Problem:
Transcribe all of the entries below exactly. Leave out the pictures.
★ ★ ★ ★
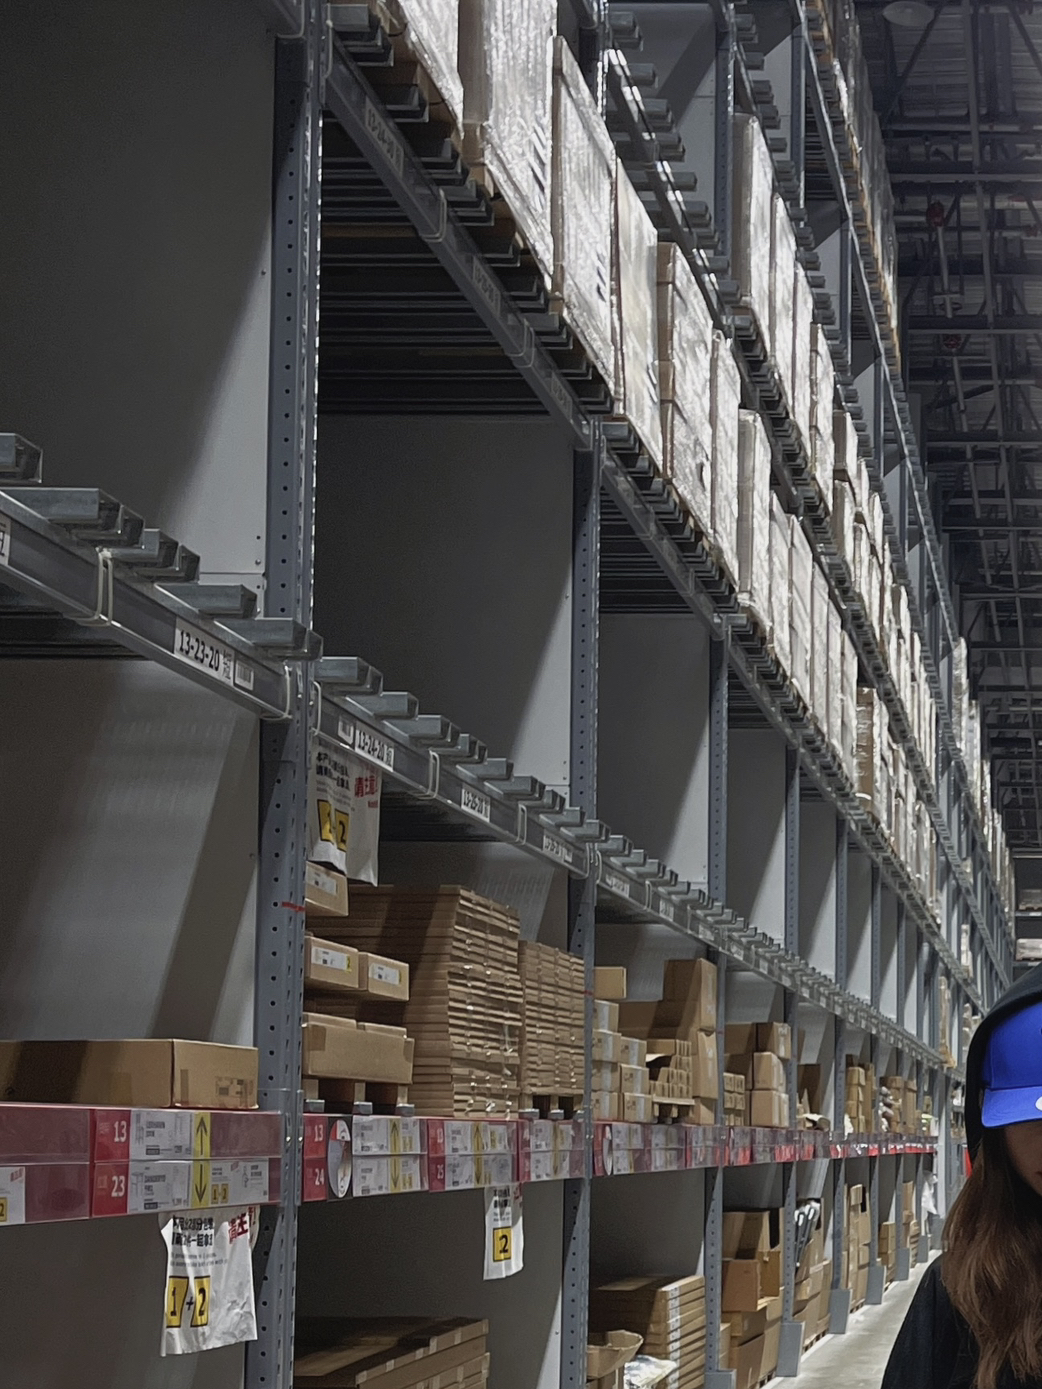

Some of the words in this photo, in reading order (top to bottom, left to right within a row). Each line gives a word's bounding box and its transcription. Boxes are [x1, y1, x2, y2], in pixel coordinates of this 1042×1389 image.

[179, 629, 221, 672] 13-23-20
[113, 1120, 128, 1143] 13
[314, 1124, 325, 1142] 13
[111, 1175, 126, 1198] 23
[315, 1167, 325, 1186] 24
[499, 1234, 509, 1254] 2
[170, 1286, 177, 1317] 1
[198, 1287, 207, 1317] 2
★ ★ ★ ★
Response to this task:
Some of the words in this photo, in reading order (top to bottom, left to right within a row). Each line gives a word's bounding box and its transcription. Boxes are [x1, y1, x2, y2], in pixel coordinates of this 1042×1389 image.

[179, 629, 221, 672] 13-23-20
[113, 1120, 128, 1143] 13
[314, 1124, 325, 1142] 13
[111, 1175, 126, 1198] 23
[315, 1167, 325, 1186] 24
[499, 1234, 509, 1254] 2
[170, 1286, 177, 1317] 1
[198, 1287, 207, 1317] 2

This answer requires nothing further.